Recent publications include "Government Turnover in Parliamentary
Democracies" (co-authored with Antonio Merlo) in the Journal
of Economic Theory, "Cabinet Terminations and Critical
Events" (with Randy Stevenson) in American Political Science
Review, and "Information and Congressional Hearings" (with
Timothy J. Feddersen) in the American Journal of Political
Science. Diermeier was also named acting director for
the Ford Motor Company Center for Global Citizenship.
Associate
Professor of Management and Strategy Shane Greenstein
was appointed to an advisory committee for the U.S. Census
Bureau.
Ranjay
Gulati, associate professor of management and organizations,
has been named the Michael Ludwig Nemmers Associate Professor
of Technology and E-Commerce.
Since
January, Professor of Public Management Donald Haider has
served on U.S. Secretary of Defense Donald Rumsfeld's Financial
Management Reform Task Force. The recommendations of the five-person
team are being circulated throughout the Department of Defense
for possible congressional consideration.
In March,
Philip Kotler, S.C. Johnson & Son Distinguished Professor
of International Marketing, received an honorary doctorate
degree from Budapest University of Economic Science and Public
Management.
Assistant
Professor of Marketing Robert V. Kozinets has published
several recent articles. "Desert Pilgrim" appeared in the
April issue of Consumption, Markets and Culture. "Utopian
Enterprise: Articulating the Meaning of Star Trek's
Culture of Consumption" appeared in the June issue of Journal
of Consumer Research. "Hometown Ideology and Retailer
Legitimation: The Institutional Semiotics of Wal-Mart Flyers"

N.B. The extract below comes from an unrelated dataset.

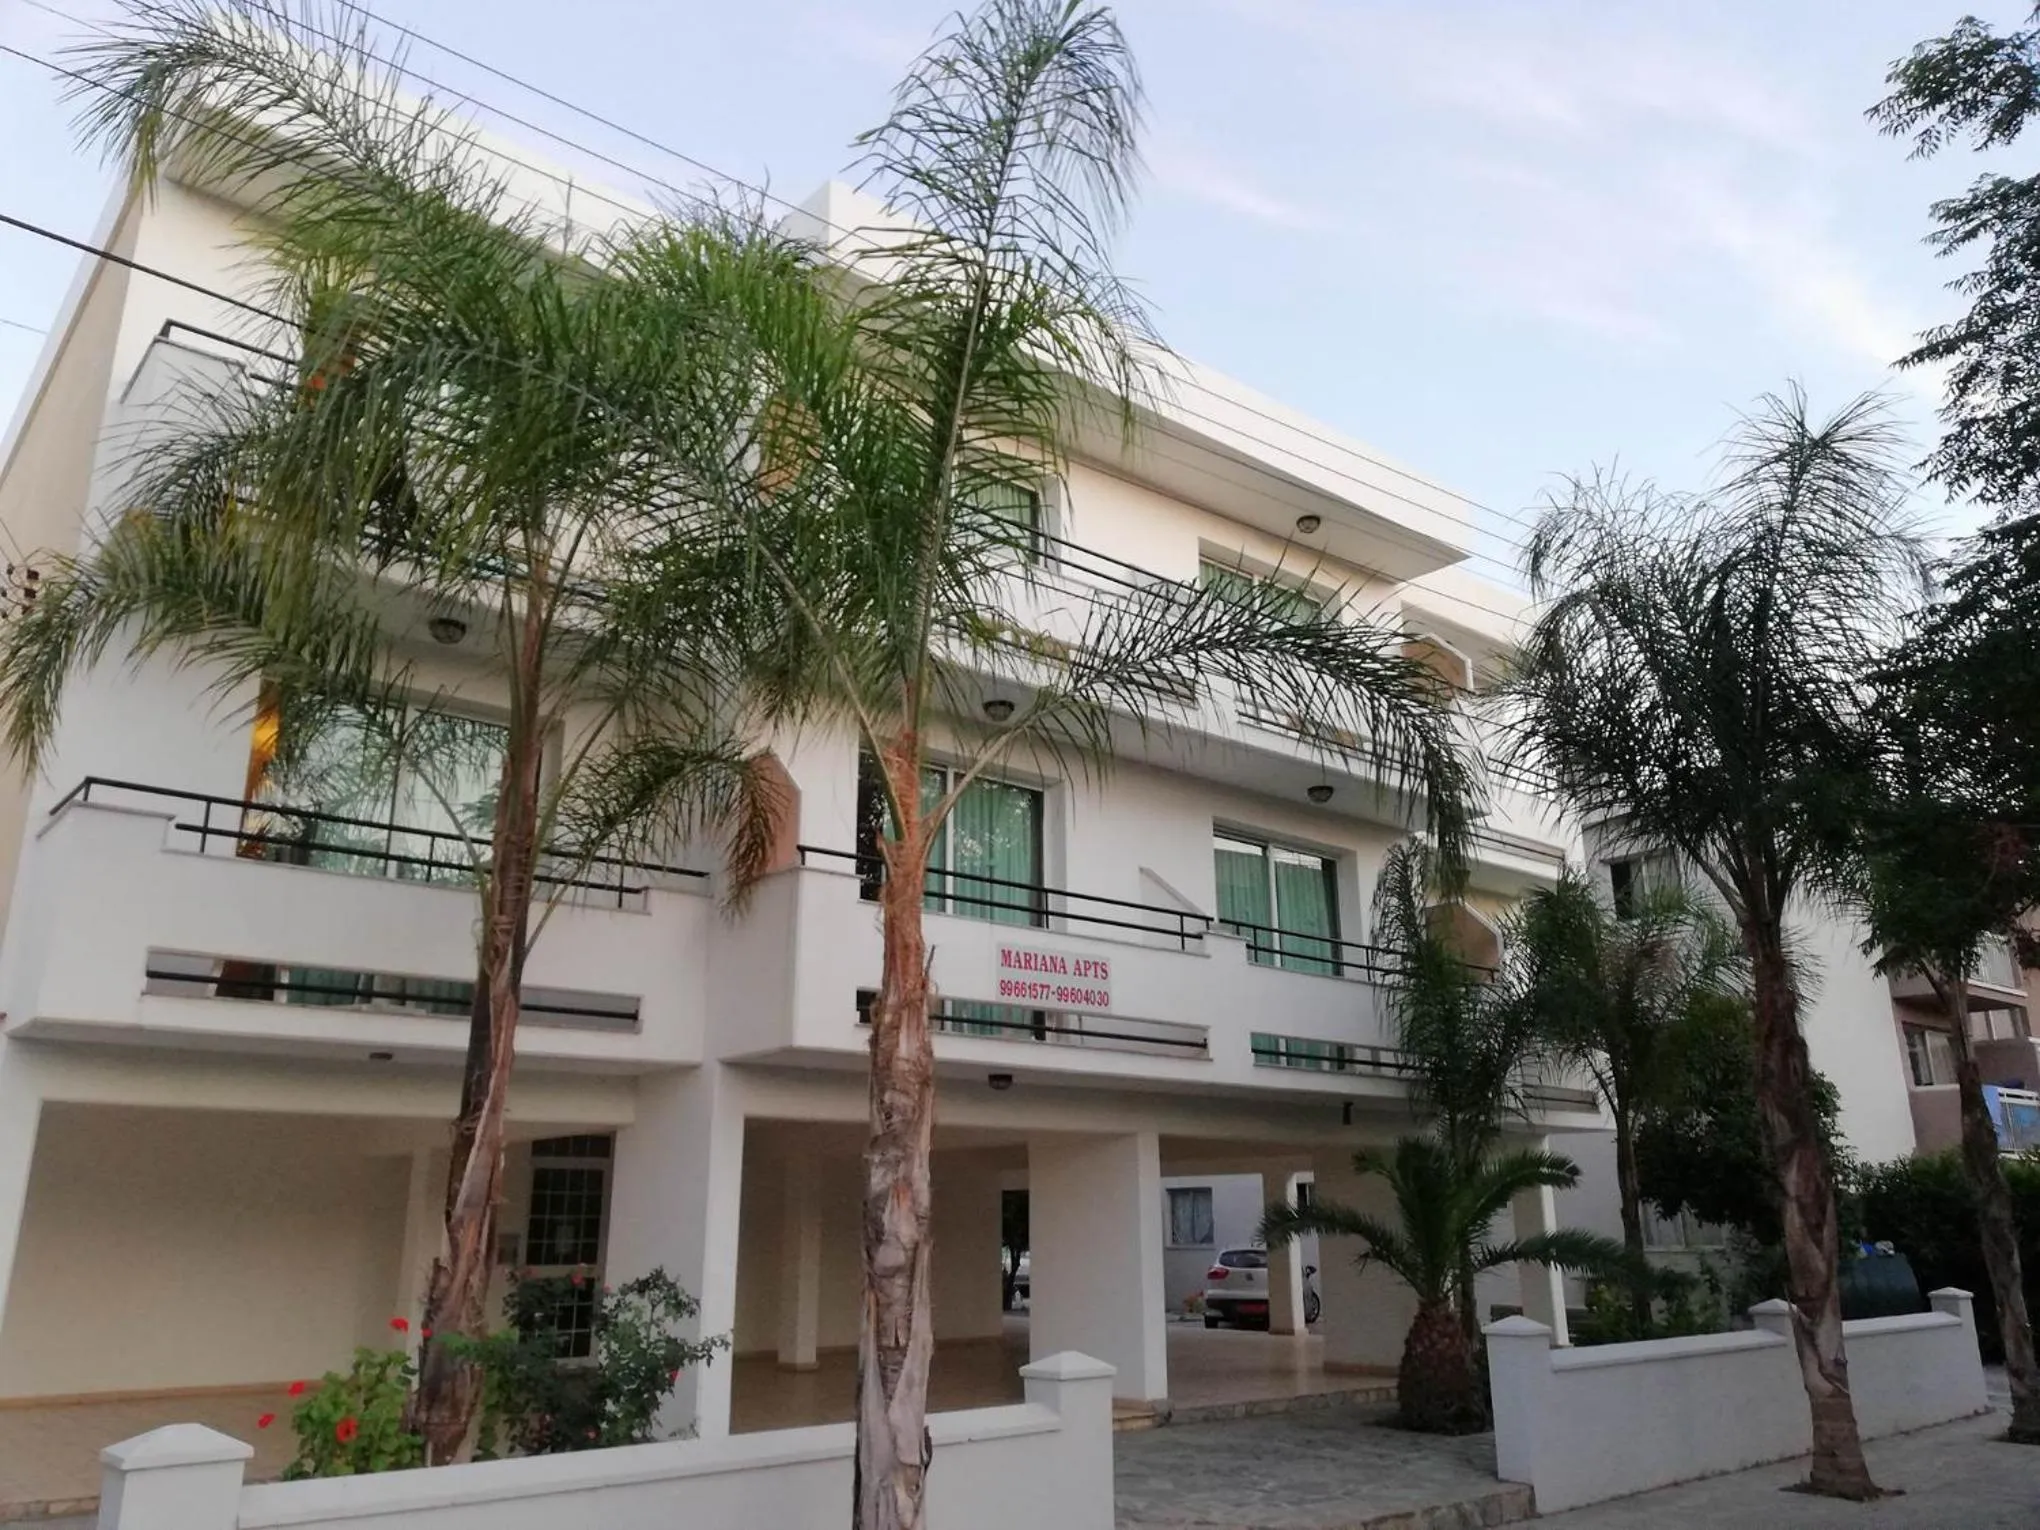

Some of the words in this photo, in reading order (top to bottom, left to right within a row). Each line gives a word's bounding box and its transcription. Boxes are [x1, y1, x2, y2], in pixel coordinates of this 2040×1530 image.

(co-authored with Stephen J. Arnold and Jay M. Handelman)
was published in the Journal of Retailing, 77 (2),
243-271. "Being in The Zone: Staging Retail Theater at ESPN
Zone Chicago" (co-authored with John F. Sherry, Diana Storm,
Adam Duhachek, Krittinee Nuttavuthisit and Benét DeBerry-Spence)
will be published in the August issue of the Journal of
Contemporary Ethnography.
Mark
McCareins, adjunct professor of business law, has been
named vice-chair of the American Bar Association's Antitrust
Section on Programs.
David
M. Messick, the Morris and Alice Kaplan Professor of Ethics
and Decision in Management, published a book titled Social
Influences on Ethical Behavior in Organizations (Lawrence
Erlbaum).
Joseph
L. Pagliari Jr., adjunct professor of real estate finance,
has co-authored "Twenty Years of the NCREIF Property Index"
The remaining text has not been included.